No dia seguinte, embora não tenha sido agendado, foi prontamente atendido pelo governador, homem educadíssimo e seu correligionário na UDN. Concluído o despacho com o governador, Abraão Diniz pediu para ser recebido pelo Secretário de Saúde, Dr. Plínio Espínola.

O governador deu ordem para que Egídio Madruga, seu chefe de gabinete, localizasse Dr. Plínio e comunicasse a audiência com o prefeito. E ficaram tomando um cafezinho, conversando amenidades (se é que um político seja capaz disso).

Logo retornou Egídio Madruga, que comunicou que o Dr. Plínio estava na vizinha cidade do Recife tratando de interesses do Estado, só retornando ao final do dia.

Então, o governador dirigiu-se ao prefeito e disse: “Não tem problema, Seu Abraão, o senhor será o primeiro a ser atendido pelo Dr. Espínola logo pela manhã”.

Abraão pensou, pensou e respondeu: “Ah, governador, num vai dar não… Amanhã eu já tenho que estar sem falta em Misericórdia”.

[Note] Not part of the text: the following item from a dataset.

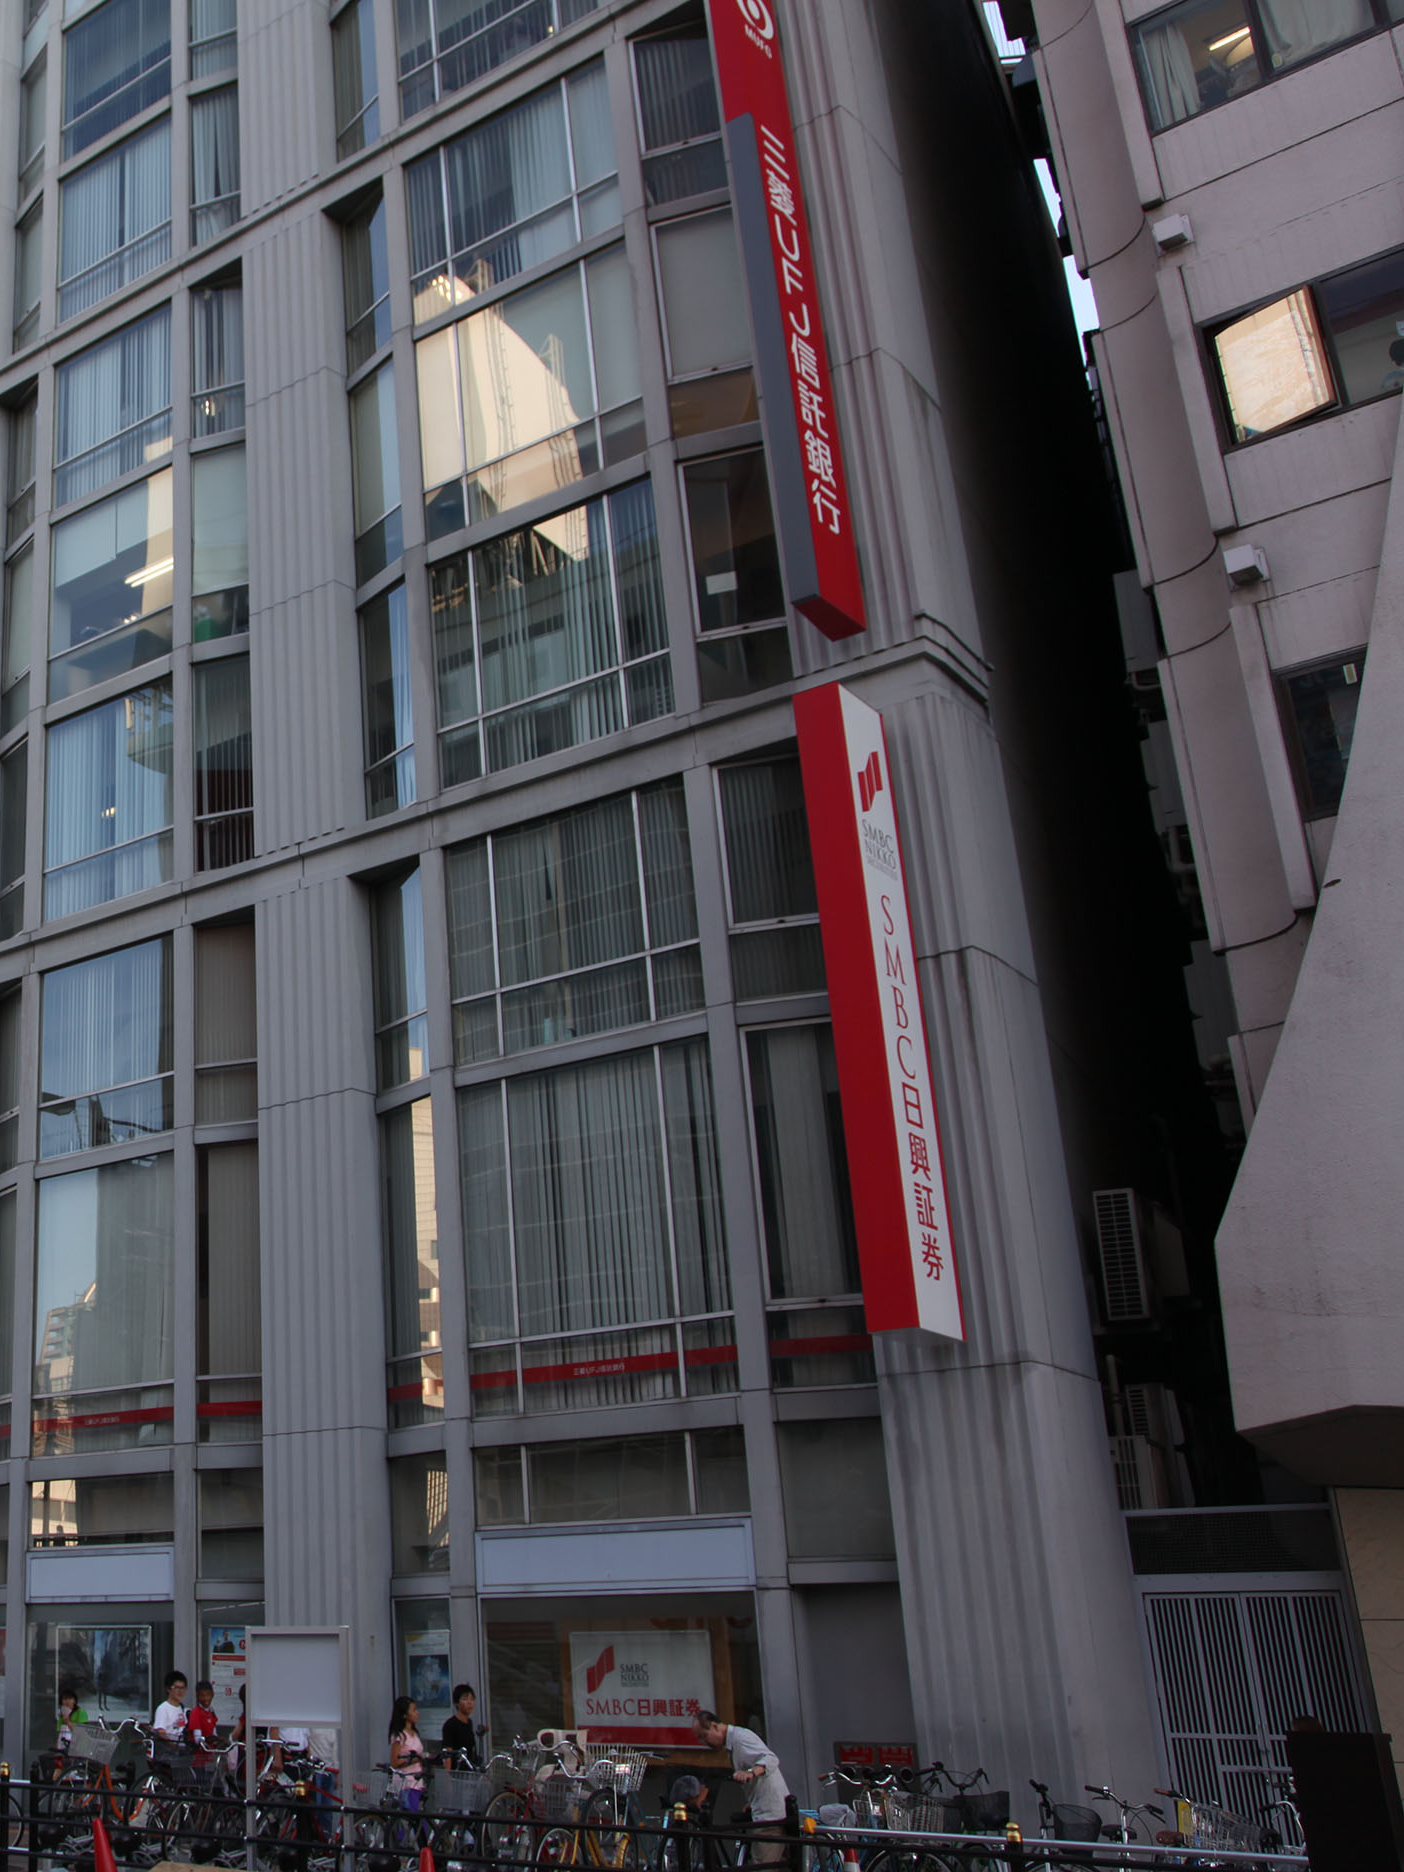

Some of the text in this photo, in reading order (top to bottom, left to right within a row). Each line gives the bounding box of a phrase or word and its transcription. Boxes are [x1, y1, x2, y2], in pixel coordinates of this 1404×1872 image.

– Por que, prefeito, o que tem de tão importante assim, lá na sua cidade? – quis saber o governador.

– É um compromisso ao qual eu não posso faltar – reforçou o prefeito, sem querer esticar a conversa.

– E que compromisso é esse, Abraão, posso saber?! – insistiu o governador.

Meio encabulado, Abraão Diniz finalmente esclareceu:

– É que amanhã à noite vai ter um reisado na cidade. E o boi sou eu!